In his amended complaint, Elsharkawi did not plead any additional facts that would support a finding of "concrete" or imminent travel plans. Instead, the facts he added made his future travel plans less concrete, as his complaint now alleges that travel advisories for Egypt and Saudi Arabia, as well as the COVID-19 pandemic itself, had placed his travel plans on hold. The amended complaint also included the assertion that his "future travel abroad to visit his family is not a matter of speculation, it is a certainty for him." But such "mere conclusory statements .... are not entitled to the assumption of truth" at the pleadings stage and do not survive a motion to dismiss. Ashcroft v. Iqbal, 556 U.S. 662, 663-64 (2009).
These "new facts" in the amended complaint fail to describe "concrete plans" or a "specification of when the some day [travel] will be." Lujan, 504 U.S. at 564 (emphasis in original). Elsharkawi's "new facts"-an understandable delay in travel due to the COVID-19 pandemic and country conditions-instead stretch the timeframe of his future travel indefinitely.

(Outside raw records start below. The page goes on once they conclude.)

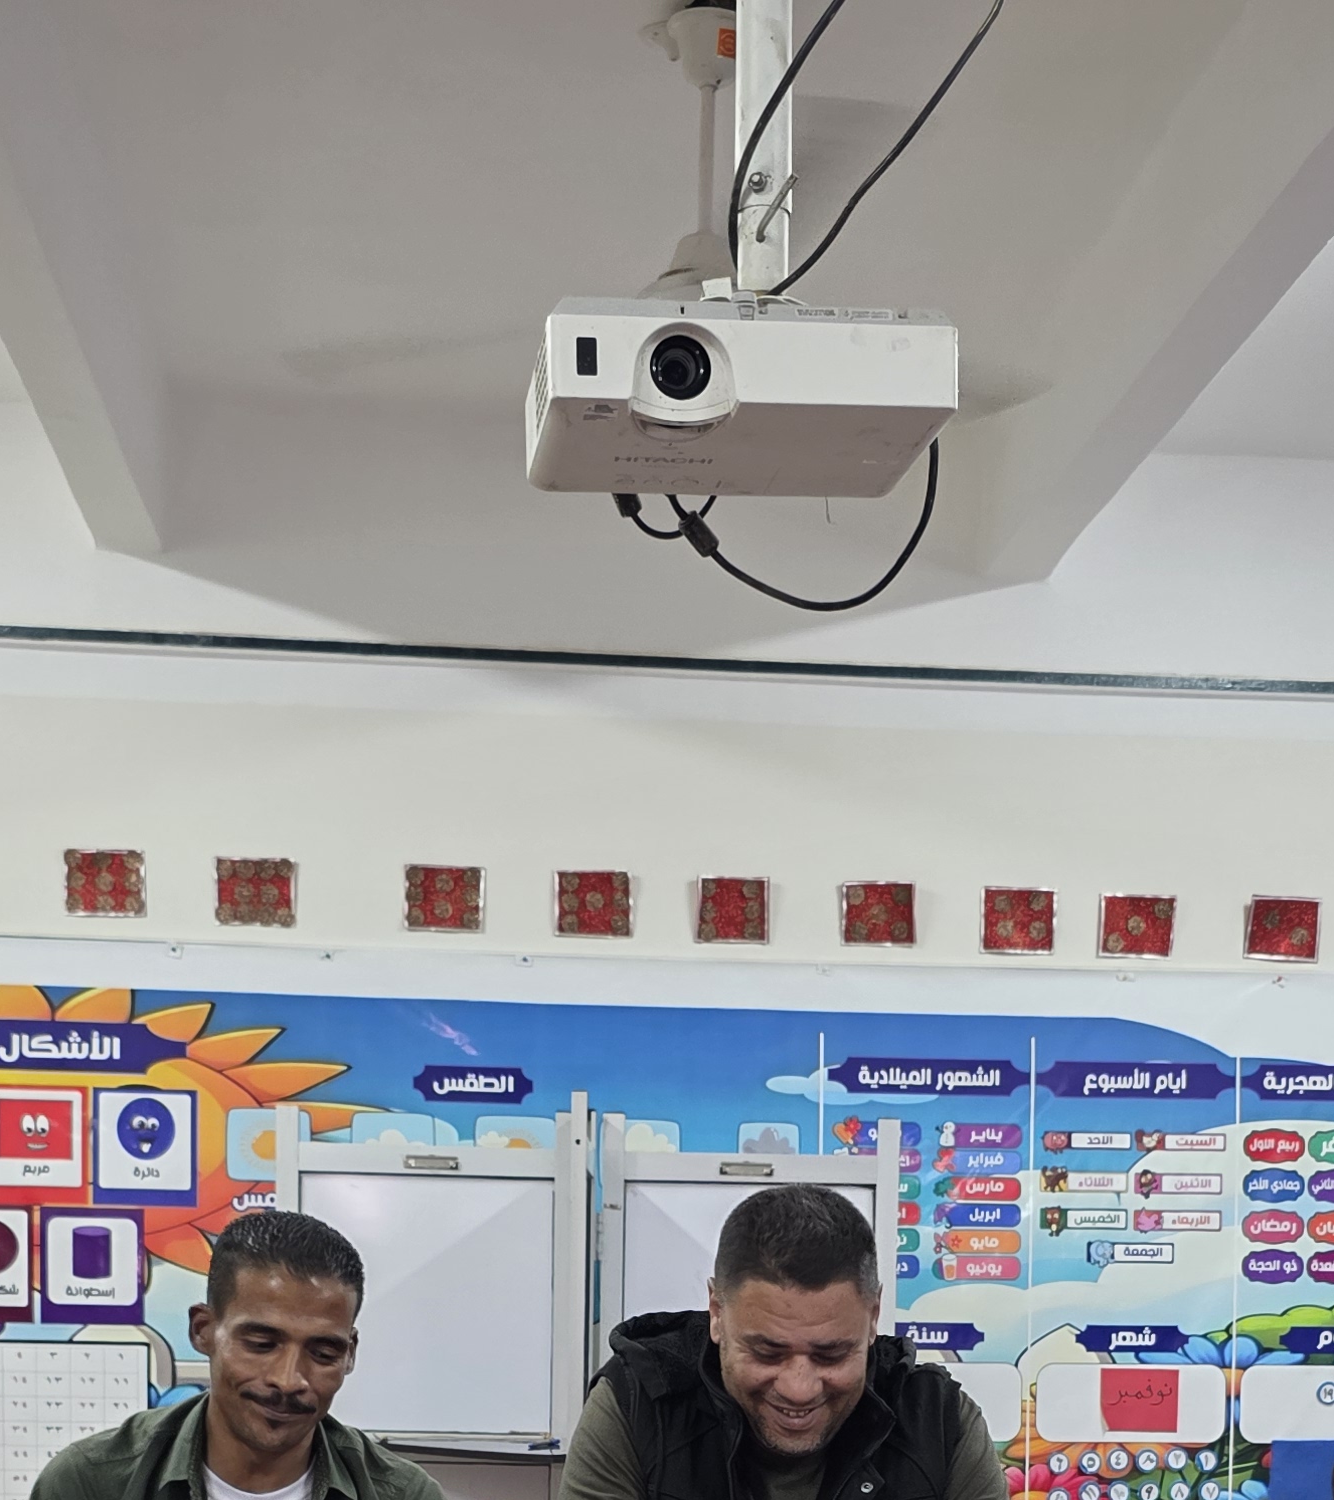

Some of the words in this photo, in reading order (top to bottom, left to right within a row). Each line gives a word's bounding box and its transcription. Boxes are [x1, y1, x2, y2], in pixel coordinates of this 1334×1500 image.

[432, 1073, 515, 1095] الطقس
[858, 1065, 931, 1088] الميلادية
[935, 1065, 1001, 1091] الشهور
[1083, 1070, 1151, 1096] الأسبوع
[970, 1129, 1003, 1144] يناير
[1175, 1137, 1216, 1147] السبت
[967, 1153, 1004, 1169] فبراير
[966, 1181, 1004, 1196] مارس
[1074, 1214, 1120, 1226] الخميس
[1250, 1219, 1297, 1235] رمضان
[969, 1236, 999, 1250] مايو
[966, 1262, 1003, 1277] يونيو
[1248, 1259, 1280, 1273] الحجة
[1283, 1259, 1298, 1274] ذو
[1109, 1329, 1156, 1349] شهر
[1106, 1382, 1174, 1407] نوفمبر

And while Elsharkawi argues that we should apply legal concepts like force majeure and equitable tolling to relax the standing analysis, those common law and statutory doctrines do not bear on issues of standing, which is an Article III jurisdictional requirement. Jurisdictional requirements are not subject to statutory equitable tolling, see United States v. Wong, 575 U.S. 402, 408-09 (2015), and force majeure primarily describes a contractual provision that details events that excuse a party from performance, see, e.g., InterPetrol Bermuda Ltd. v. Kaiser Aluminum Intern. Corp., 719 F.2d 992, 997 (9th Cir. 1983).

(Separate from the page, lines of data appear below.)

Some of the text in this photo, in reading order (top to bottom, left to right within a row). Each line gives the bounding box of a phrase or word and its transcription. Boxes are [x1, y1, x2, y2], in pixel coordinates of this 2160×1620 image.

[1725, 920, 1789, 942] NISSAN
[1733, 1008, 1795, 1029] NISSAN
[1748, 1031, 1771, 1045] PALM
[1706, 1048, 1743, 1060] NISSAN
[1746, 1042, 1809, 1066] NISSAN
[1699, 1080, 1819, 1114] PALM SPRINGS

2. The district court did not err in dismissing this case without leave to amend. The "district court's discretion to deny leave to amend is particularly broad where the court has already given the plaintiff an opportunity to amend his complaint." Fid. Fin. Corp. v. Fed. Home Loan Bank of San Francisco, 792 F.2d 1432, 1438 (9th Cir. 1986). Here, Elsharkawi was granted an opportunity to amend his complaint to establish standing, but failed to allege any new facts about any imminent plans to travel in his amended complaint. In his complaint, and on appeal, Elsharkawi did not argue that he could plead any additional facts that would demonstrate standing, but simply speculated that COVID-19 pandemic restrictions on travel would eventually abate. Therefore, the district court correctly determined that any further amendment would be futile, and properly dismissed the amended complaint without leave to amend.
3. Because we hold that Elsharkawi failed to demonstrate Article III standing in his amended complaint, we decline to reach the merits of his Fourth and First Amendment claims.
AFFIRMED.
The Honorable Danny J. Boggs, United States Circuit Judge for the U.S. Court of Appeals for the Sixth Circuit, sitting by designation.